- [Stored data]

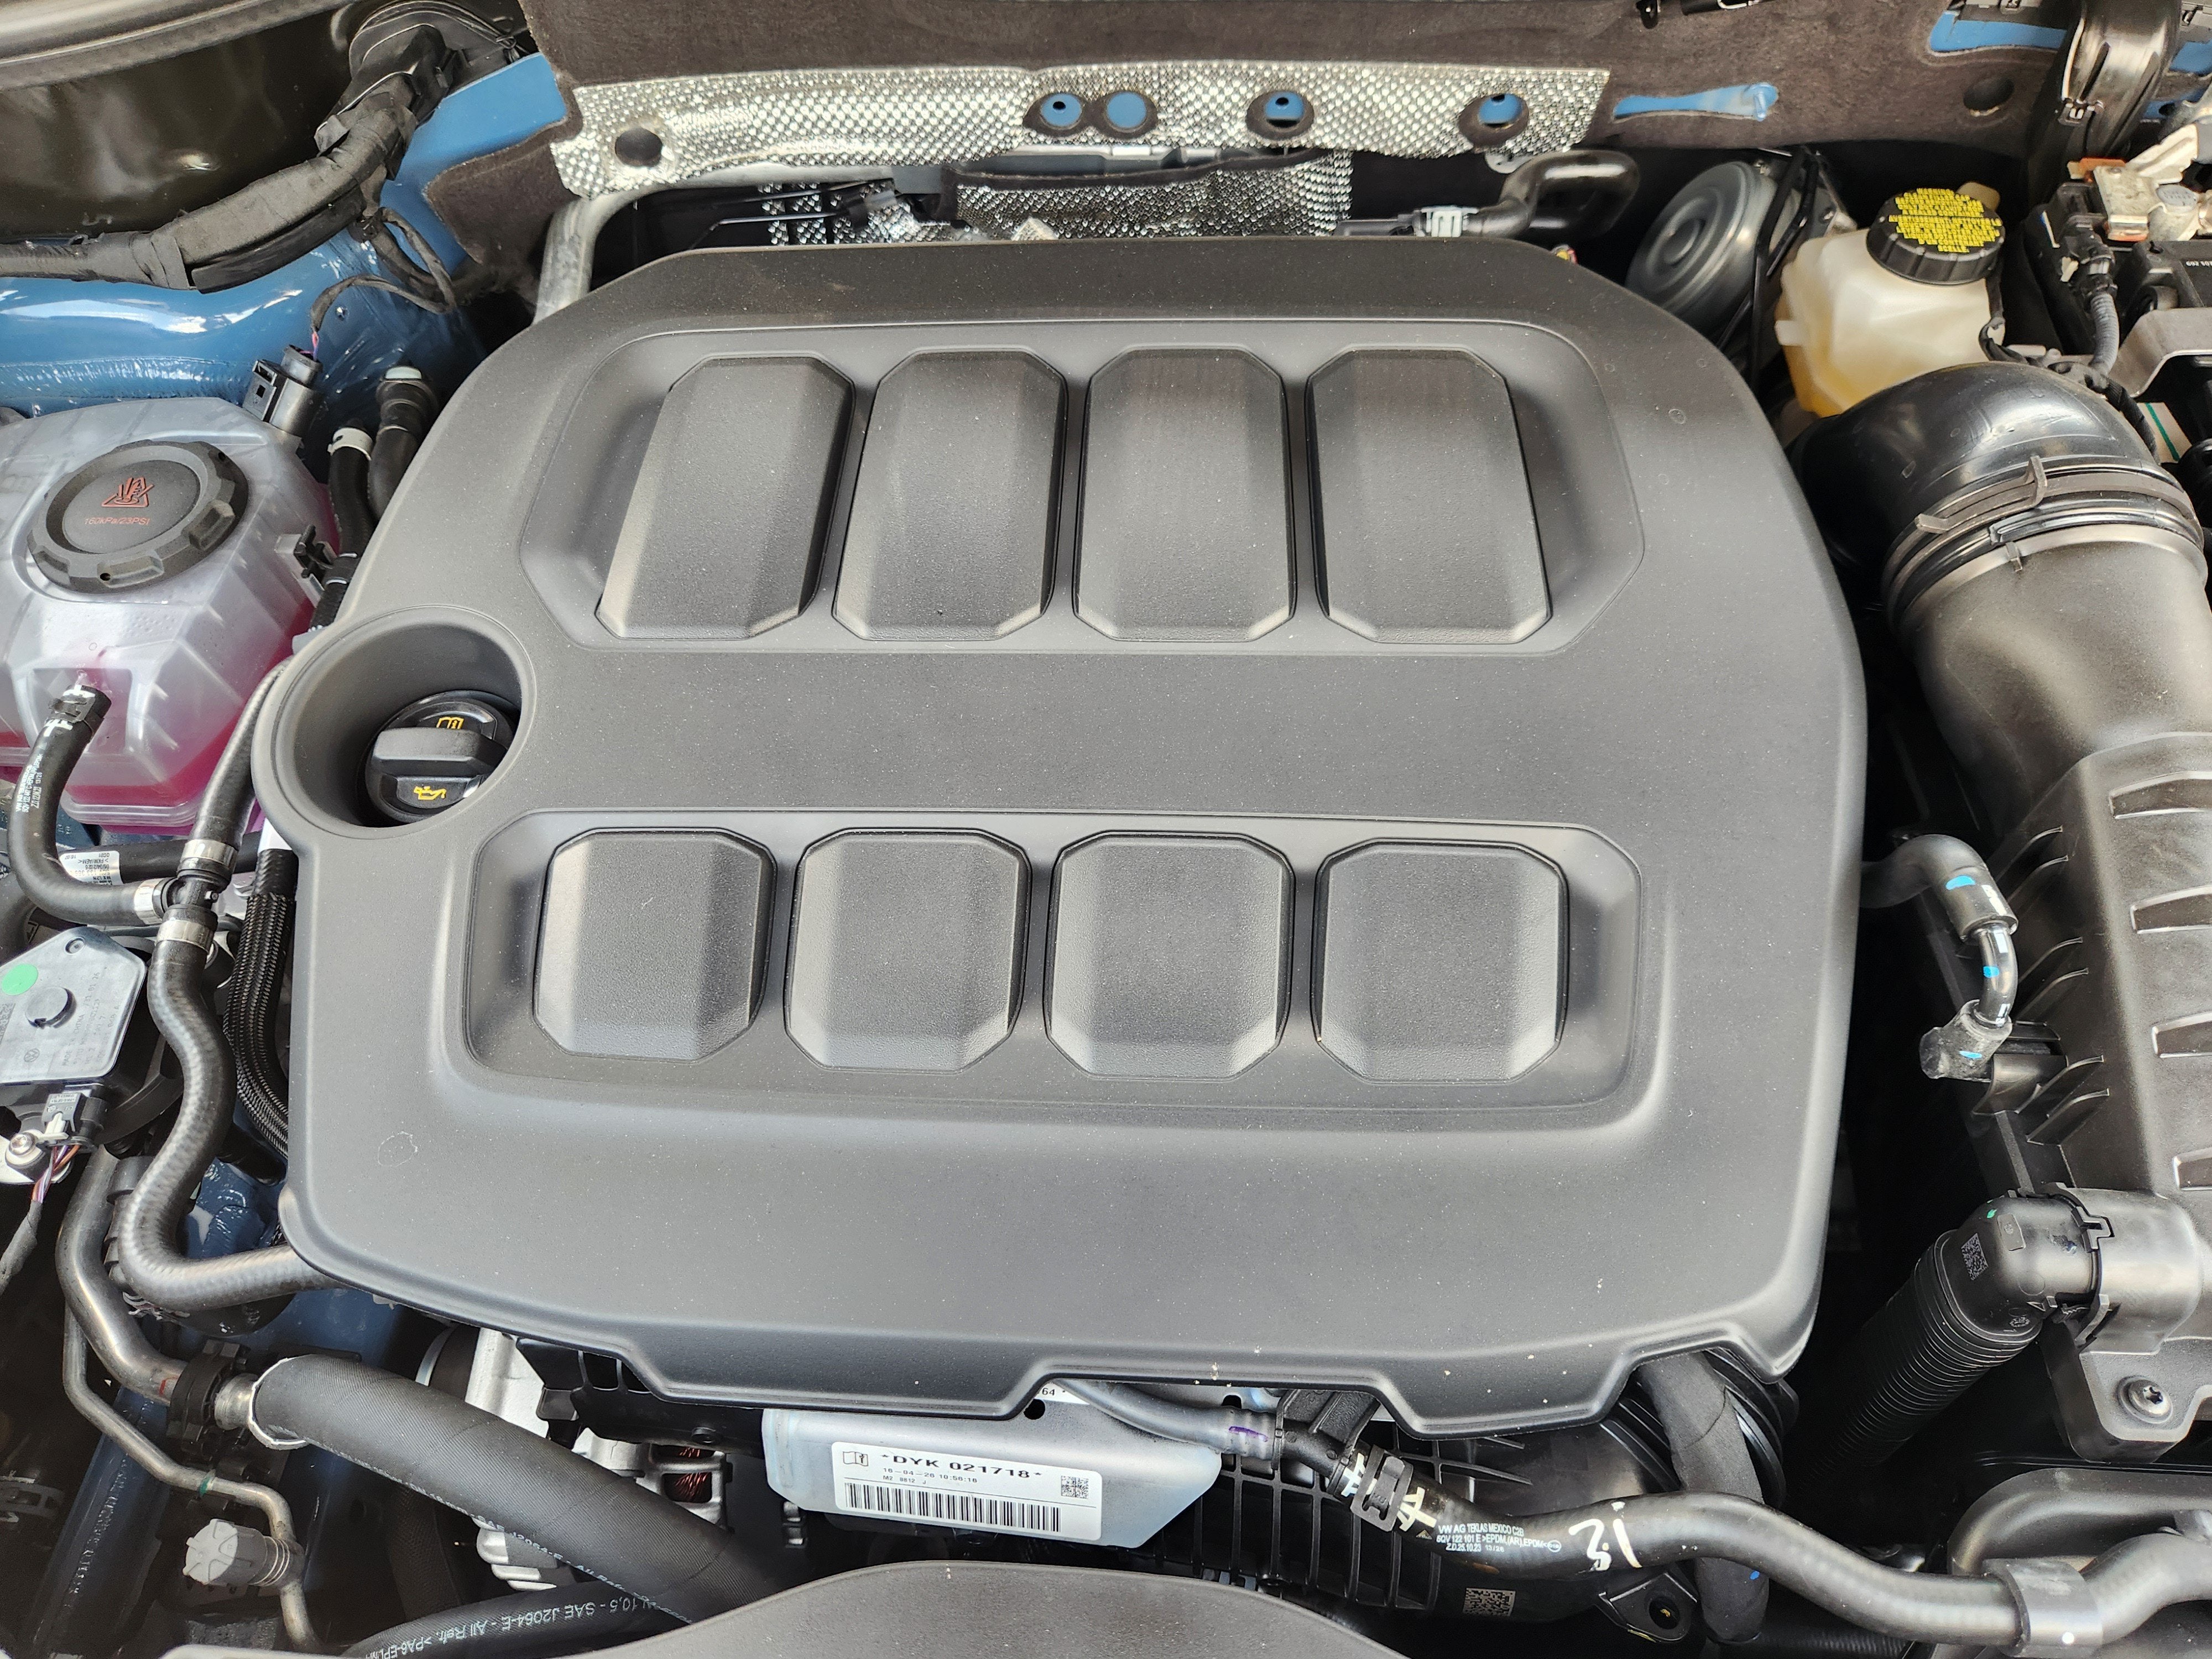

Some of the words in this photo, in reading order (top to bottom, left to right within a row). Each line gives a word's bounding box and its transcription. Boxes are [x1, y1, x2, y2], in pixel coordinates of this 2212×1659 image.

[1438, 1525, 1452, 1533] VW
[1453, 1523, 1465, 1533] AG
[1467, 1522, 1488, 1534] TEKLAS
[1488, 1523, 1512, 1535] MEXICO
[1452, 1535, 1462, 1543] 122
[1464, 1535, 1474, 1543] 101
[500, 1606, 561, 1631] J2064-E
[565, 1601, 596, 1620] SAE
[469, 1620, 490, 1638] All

- [Problem] No picture belongs in the answer; the rest of the records must be repeated exactly.

- [Solution to this problem]
Some of the words in this photo, in reading order (top to bottom, left to right within a row). Each line gives a word's bounding box and its transcription. Boxes are [x1, y1, x2, y2], in pixel coordinates of this 2212×1659 image.

[1438, 1525, 1452, 1533] VW
[1453, 1523, 1465, 1533] AG
[1467, 1522, 1488, 1534] TEKLAS
[1488, 1523, 1512, 1535] MEXICO
[1452, 1535, 1462, 1543] 122
[1464, 1535, 1474, 1543] 101
[500, 1606, 561, 1631] J2064-E
[565, 1601, 596, 1620] SAE
[469, 1620, 490, 1638] All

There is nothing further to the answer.